The mass action dubbed by the Bagong Alyansang Makabayan (Bayan-New Patriotic Alliance) as the “People’s State of the Nation Address” was staged to counter what the protesters called “talumpati ng kasinungalingan” (a litany of lies) of Mrs. Gloria Macapagal-Arroyo.

Aside from Bayan and its member-organizations, leaders and members of the United Opposition (UNO), Integrated Bar of the Philippines, Solidarity Philippines, Youth for Truth and Accountability Now! (Youth ACT Now!), Oust Gloria Coalition, Gloria Step Down! Movement and the White Ribbon Movement were also present.

The People’s SONA refuted Arroyo’s claim of progress and presented the real conditions of the Filipino people. Thus, the cultural design – the performances, visual ambiance and the whole artistic aura – of the event expressed the people’s outrage. Artists from different cultural organizations congregated to create an impressive artistic repertoire encompassing various disciplines.

Ma. Victoria Socorro de Ocampo of the Concerned Artists of the Philippines (CAP) said, “The role of art in mass actions is an integral one.”
De Ocampo stressed that like the speeches of the leaders of groups and organizations, the cultural performances and the visual elements, which have been “part and parcel” of mass actions, possess educational value as well. De Ocampo, being one of the program directors of SONA protests and other mass actions, emphasized that art is a powerful tool for arousing, organizing and mobilizing the people to advance their interests.

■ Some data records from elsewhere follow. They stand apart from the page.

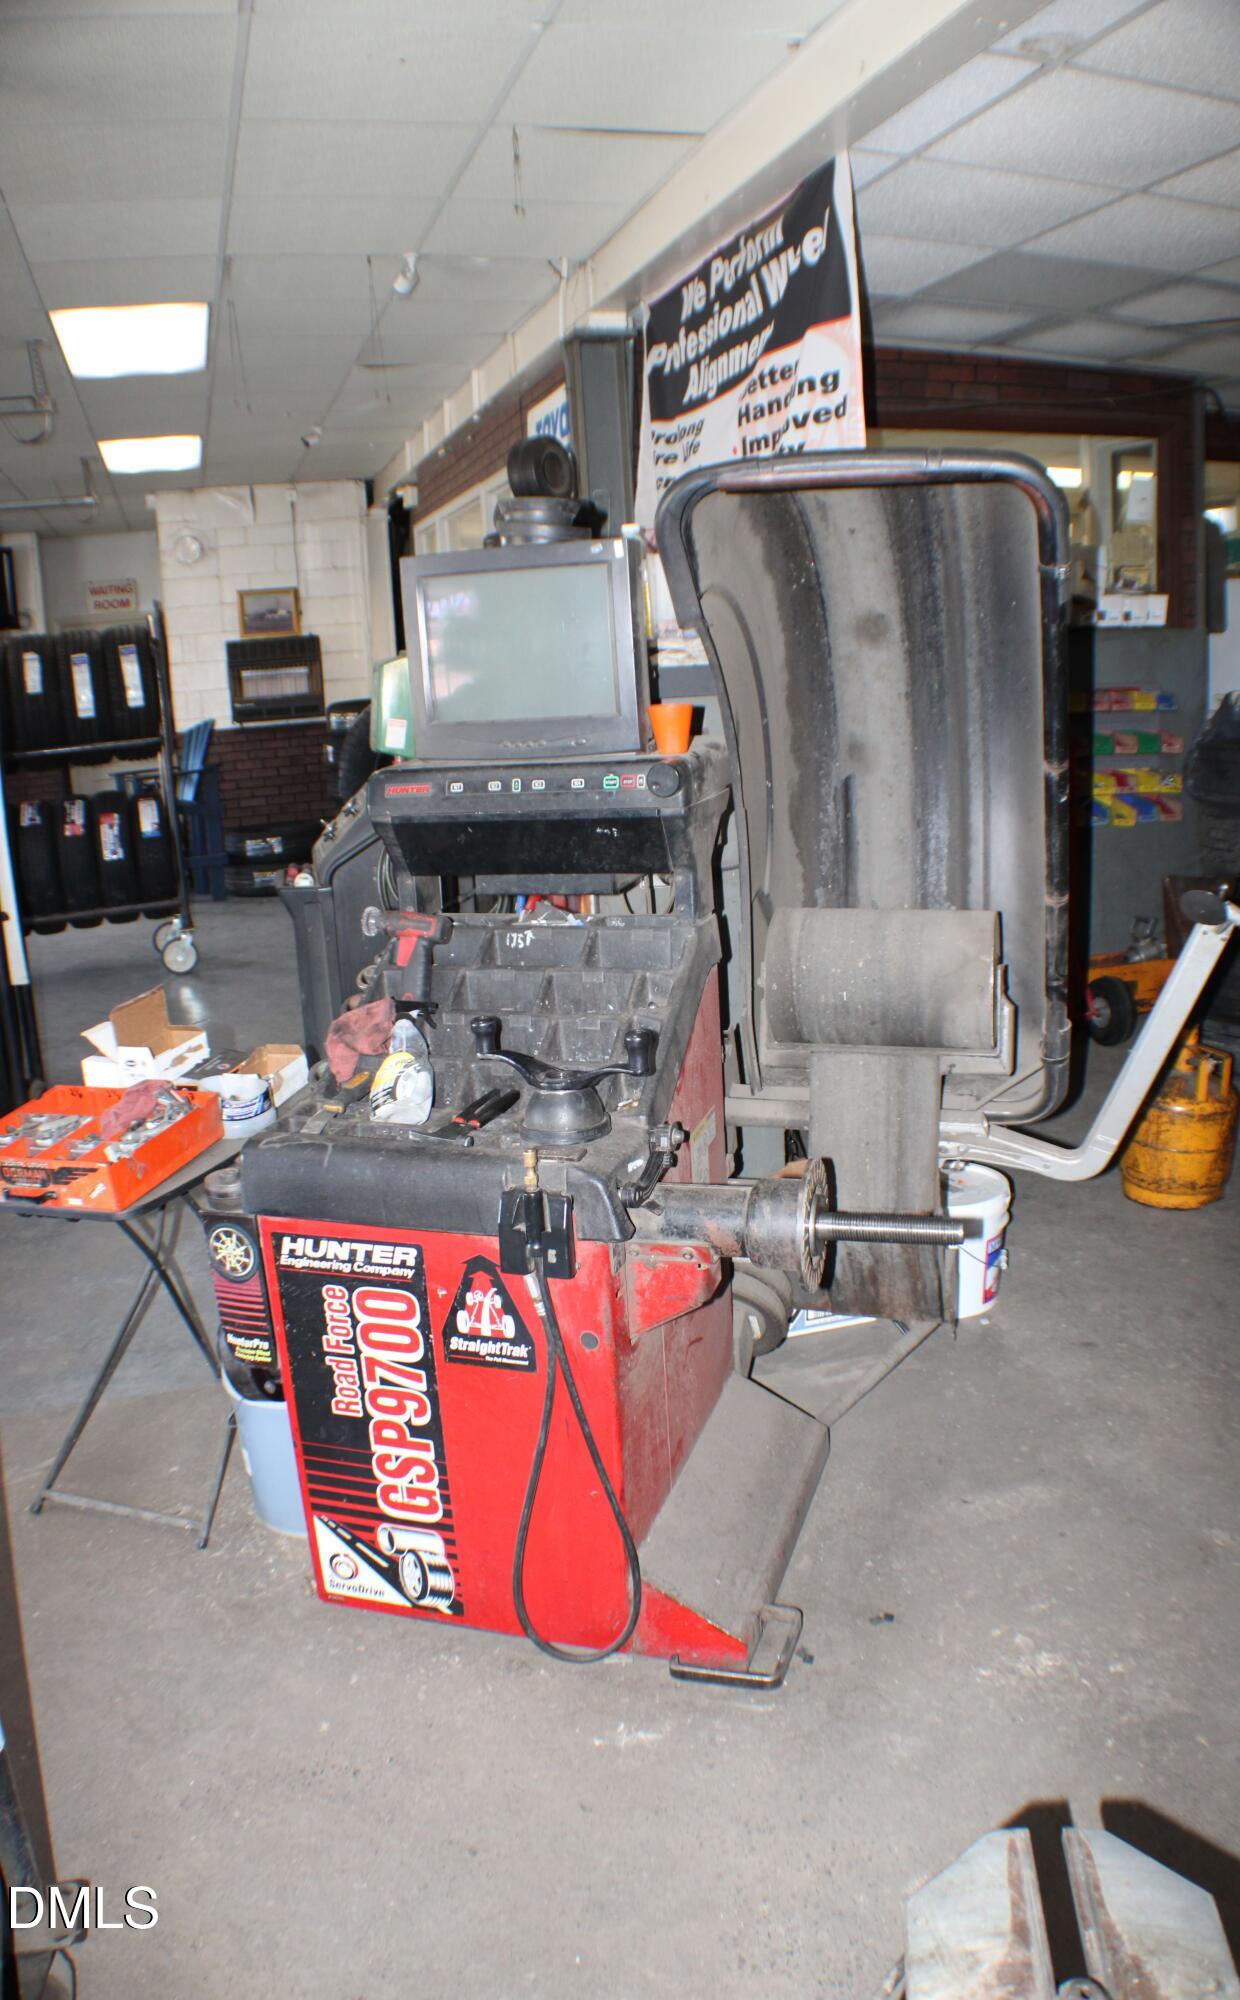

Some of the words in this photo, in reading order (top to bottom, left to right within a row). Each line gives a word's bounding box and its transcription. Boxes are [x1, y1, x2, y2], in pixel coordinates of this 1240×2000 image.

[680, 275, 707, 325] We
[682, 320, 775, 406] Alignme
[651, 417, 705, 446] rolong
[741, 393, 849, 458] Impved
[88, 584, 133, 596] WAITING
[93, 598, 131, 609] ROOM
[387, 784, 430, 794] HUNTER
[280, 1254, 351, 1273] Engineering
[353, 1261, 415, 1279] Company
[281, 1236, 418, 1267] HUNTER
[321, 1284, 355, 1355] Force
[449, 1335, 529, 1358] StraightTrak
[331, 1355, 363, 1417] Road
[352, 1286, 443, 1523] GSP9700
[329, 1578, 385, 1597] ServoDrive

She said that the strength of protest art lies in its capacity to educate and mobilize the masses.

Street ensemble

Different groups of musicians performed before thousands of protesters.

Chikoy Pura of The Jerks gave an acoustic rendition of two of the band’s popular pieces, “Sayaw sa Bubog” and “Rage.” (The audience, including Adel Tamano of UNO and Liza Maza of Gabriela Women’s Party sang along). The strength of the performance, said de Ocampo, was that the songs, which were written for a particular context more two decades ago, possess ‘truth value’ and pressing relevance hitherto.
Datu’s Tribe performed two songs – Karne and Wow Filipinas – the latter tackles the conditions of Filipino migrants.

Poet and musician Jess Santiago performed his song “Only in the Philippines,” eliciting chuckles from the audience.

Sinagbayan or Sining na Naglilingkod sa Bayan (Art for the People), meanwhile, presented an “experimental” piece transfusing poetry, music and theatrics in a “mini-performance”. Filipino-American poet-activist Philippe Javier Garcesto’s poem “Tadhana” talked about the privation and ‘atrocities’ harnessed by the ‘status quo’ and the people’s collective dream “for a better world.” Sinagbayan collectively laid music into the literary piece. According to Joan Lerio, Sinagbayan’s education committee head, the group aims to “popularize art forms that carry out the aspirations of the people for a freer society.”

People’s Chorale composed of individuals from different organizations performed as well. Trained by Felipe “Jun” de Leon, former National Commission for the Culture and the Arts (NCCA) Commissioner on Music, the group performs regularly in anti-Arroyo protests.

Rap musicians were also present. San Francisco-based Active Leadership to Advance Youth (ALAY), BAYAN USA and ANAKBAYAN Malabon chapter collaborated to come up with a performance that dealt with ‘imperialist ties’ between the country and the US.

De Ocampo said, “In the Philippines, rap music, which has a progressive origin, appeals mostly to youths belonging to the marginalized sectors since it can be played even without musical instruments that they cannot possibly afford.”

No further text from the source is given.